The budget: challenges & opportunitiesPosted on: 11 May 2009 by Gareth Hargreaves
Financial expert Graham Kerner gives his summary on the recent budget as well as detailing why he thinks the economy is on the verge of picking up.
In a Budget which Chancellor Alistair Darling said was designed to take Britain through the most serious global economic turmoil for over 60 years, a mixture of challenges and opportunities presented themselves to investors, those on higher incomes and people planning for their retirement.
The Government plans to introduce a 50% income tax rate on annual incomes over £150,000 from 2010/11 and at the same time reduce personal allowances for those earning over £100,000. It also aims to restrict tax relief for individuals with income of £150,000 or more from 22nd April 2011.
Additionally from 6 April 2011, relief will be tapered so that those individuals with income of more than £180,000 will only receive 20% tax relief, the same as a basic rate taxpayer.
The vast majority of higher rate taxpayers will continue to receive higher rate tax relief on their pension contributions. And for people with earnings of less than £150,000 in this and each of the previous two tax years, there is no impact whatsoever.
So dealing with pensions first, there was nothing in the Budget that diminished the absolute need for people to continue to save hard for their retirement. With people living longer and the reduction in State and other support, retirement planning and setting aside sufficient funds remain absolutely critical.

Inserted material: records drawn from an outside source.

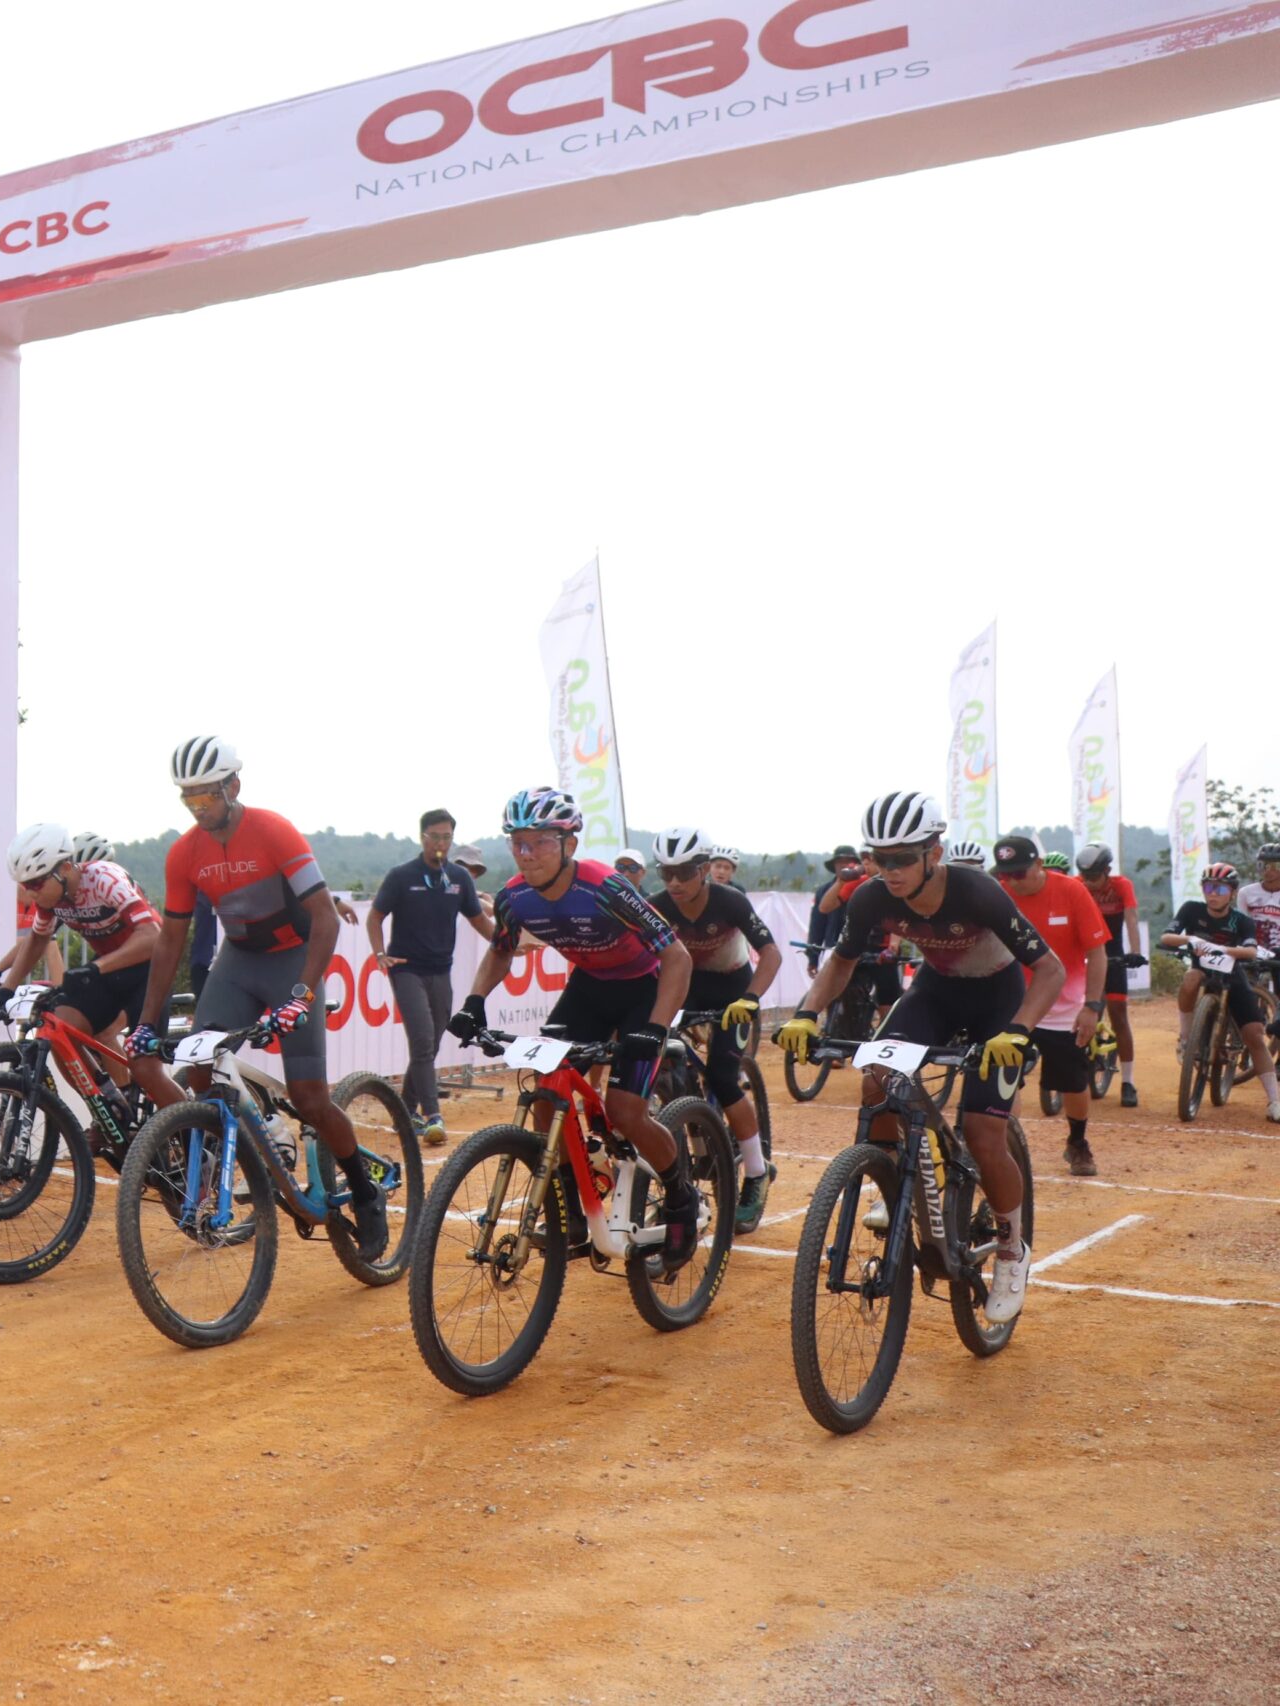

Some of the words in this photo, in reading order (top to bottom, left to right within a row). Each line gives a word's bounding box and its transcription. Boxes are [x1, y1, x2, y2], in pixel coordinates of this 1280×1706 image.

[356, 0, 908, 164] OCBC
[354, 148, 544, 200] NATIONAL
[560, 59, 932, 153] CHAMPIONSHIPS
[617, 890, 645, 913] ALPEN
[642, 911, 666, 932] BLICK
[323, 953, 404, 1032] OC
[499, 1006, 549, 1025] NATIONAL
[189, 1037, 204, 1057] 2
[523, 1044, 542, 1061] 4
[878, 1045, 897, 1059] 5
[71, 1060, 124, 1144] POLYGON
[552, 1178, 567, 1233] MAXXIS
[919, 1135, 946, 1239] PECIALIZED

Whether people are affected or not by the Budget changes, the majority have to save more for their retirement and people who do not accumulate enough run the risk of outliving their savings. People therefore need to determine how much they will need to save, understand the cost of delaying, commit to a plan and take action.
Although it is good news that higher rate tax relief is retained for most people, the Budget introduced changes for those whose relevant income exceeds £150,000 and it will not be possible for people to reduce income below this figure by sacrificing some earnings in return for a larger employer pension contribution.
Her Majesty’s Revenue & Customs (HMRC) have said that any salary sacrifice agreed on or after 22 April, to increase pension contributions, or provide additional pension benefits will, for the purposes of relevant earnings, be disregarded. People’s income will be regarded as their pay before the salary sacrifice took place.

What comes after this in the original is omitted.